First Indonesian tuna fishery enters MSC assessment process
— FIS, 4 July 2017
PT Citraraja Ampat Canning (PT CRA), an Indonesian fish processor and exporter, is seeking Marine Stewardship Council (MSC) certification for pole-and-line caught yellowfin and skipjack tuna caught in the Western Central Pacific Ocean, a move which is garnering praise from the International Pole and Line Foundation (IPNLF). If this effort succeeds, the fishery could be supplying MSC certified skipjack and yellowfin tuna to international markets by the end of 2018.
Smuggling of lobster seedlings is on the rise
— LKT, Kompas 3 July 2017
[Translation] Smuggling of lobster seeds has increased this past year. For the first half of 2017, the value of the smuggled lobster seedlings was estimated to be IDR 158 billion (US$11.8 million), or an increase of 120% compared to the same period last year. In June 2017 alone, police confiscated 273,191 lobster eggs with valued around IDR 35 billion. Muhammad Arifuddin, a research at DFW-Indonesia, stated that the rise occurred due to the high demand, especially from Vietnam which is suffering from declining fish stocks due to overfishing.

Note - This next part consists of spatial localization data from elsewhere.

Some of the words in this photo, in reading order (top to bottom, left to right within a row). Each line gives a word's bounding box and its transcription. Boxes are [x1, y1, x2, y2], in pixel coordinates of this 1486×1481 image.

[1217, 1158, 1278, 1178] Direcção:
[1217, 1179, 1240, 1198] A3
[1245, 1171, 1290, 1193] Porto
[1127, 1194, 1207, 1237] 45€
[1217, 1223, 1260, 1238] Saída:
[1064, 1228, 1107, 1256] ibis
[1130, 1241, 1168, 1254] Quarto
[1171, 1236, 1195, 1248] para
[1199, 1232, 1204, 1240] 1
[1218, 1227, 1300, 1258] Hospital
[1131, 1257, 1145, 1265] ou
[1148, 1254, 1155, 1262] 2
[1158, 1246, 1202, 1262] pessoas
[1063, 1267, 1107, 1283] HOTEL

Fishermen offered 50b IDR to stop catching lobster seedlings
— Panca Nugraha, the Jakarta Post, 6 July 2017
[Translation] The Ministry of Maritime Affairs and Fisheries has disbursed IDR 50 billion (US$3.7 million) in financial aid to over 2,000 fishermen in West Nusa Tenggara (NTB) to encourage them to stop catching lobster seedlings. NTB’s Maritime Affairs and Fisheries Agency head Lalu Hamdi said the aid would be disbursed to encourage fishermen to switch to aquaculture instead of catching lobster seedlings in open water, which is prohibited under a 2016 regulation. NTB is known as a center of lobster and lobster seedling production, with over 10,000 families involved in the business in Lombok and Sumbawa.
Forestry & Land Use
Peatlands Restoration Agency joins forces with regional governments
— the Jakarta Post, 7 July 2017
Indonesia’s Peatlands Restoration Agency (Badan Restorasi Gambut, BRG) signed an agreement with Governor Alex Nurdin to restore 848,000 ha of peatland in South Sumatra province. The province has 1.2 million ha of peatland, 60% of which experienced fires in 2015. Similar agreements are anticipated for Riau, Jambi, Central Kalimantan, South Kalimantan, and Papua provinces.

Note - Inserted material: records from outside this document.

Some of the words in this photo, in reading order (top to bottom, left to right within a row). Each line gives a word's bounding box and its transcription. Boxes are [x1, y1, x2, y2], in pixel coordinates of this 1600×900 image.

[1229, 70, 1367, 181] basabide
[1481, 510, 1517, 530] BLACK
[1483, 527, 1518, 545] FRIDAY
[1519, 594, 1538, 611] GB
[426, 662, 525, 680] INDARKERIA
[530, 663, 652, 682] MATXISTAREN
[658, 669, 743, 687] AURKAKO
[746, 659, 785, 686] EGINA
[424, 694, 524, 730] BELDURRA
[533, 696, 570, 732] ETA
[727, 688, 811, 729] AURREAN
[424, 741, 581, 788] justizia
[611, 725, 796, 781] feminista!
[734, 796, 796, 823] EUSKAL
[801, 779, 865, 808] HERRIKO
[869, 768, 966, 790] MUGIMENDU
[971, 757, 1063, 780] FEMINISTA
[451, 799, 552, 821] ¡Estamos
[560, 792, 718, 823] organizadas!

BRG Secretary Hartono Prawiraatmaja said the agency plans to spend Rp 7 trillion (US$523 million) from the national budget to restore 2.4 million ha of peatland across the archipelago by 2020, with 700,000 ha slated for restoration this year. Germany has joined Norway in providing additional financial assistance to restore damaged peatlands in South Sumatra and other provinces. In May, Germany’s state secretary for the environment announced plans to provide US$80 million through 2020 to support environmental activities, including peatland restoration in South Sumatra.
Unilever suspends sourcing from Indonesian palm oil supplier amid deforestation charges
— Edie newsroom, 29 June 2017
Global consumer goods firm Unilever has suspending sourcing of palm oil from Sawit Sumbermas Sarana (SSMS) and its subsidiaries, which have been accused of ongoing deforestation and clearance of peatlands based on satellite imagery. Palm oil firms Wilmar International, Golden Agri-Resources (GAR) and Apical had already suspending trading with SSMS.
Palm oil debate: why business needs to take a stand on palm oil
— Dominic Bates, the Guardian, 27 June 2017
With public confidence in palm oil fractured, brands which make a point of sourcing sustainable palm oil should engage with their customers more on this controversial topic. Both smaller firms and multinational businesses represented on the panel, which was chaired by the Guardian’s Laura Paddison, agreed that the responsibility for sourcing sustainable palm oil should fall on businesses, not consumers. “Real purchasing power lies further up the chain, said Hilary Jones, ethical director for the cosmetics company Lush Jones, who pointed out that companies are “far bigger consumers than the person trying to choose a jar of peanut butter”. Jones asked if leading companies committed to sustainable palm oil are doing enough to win the public’s trust on its provenance.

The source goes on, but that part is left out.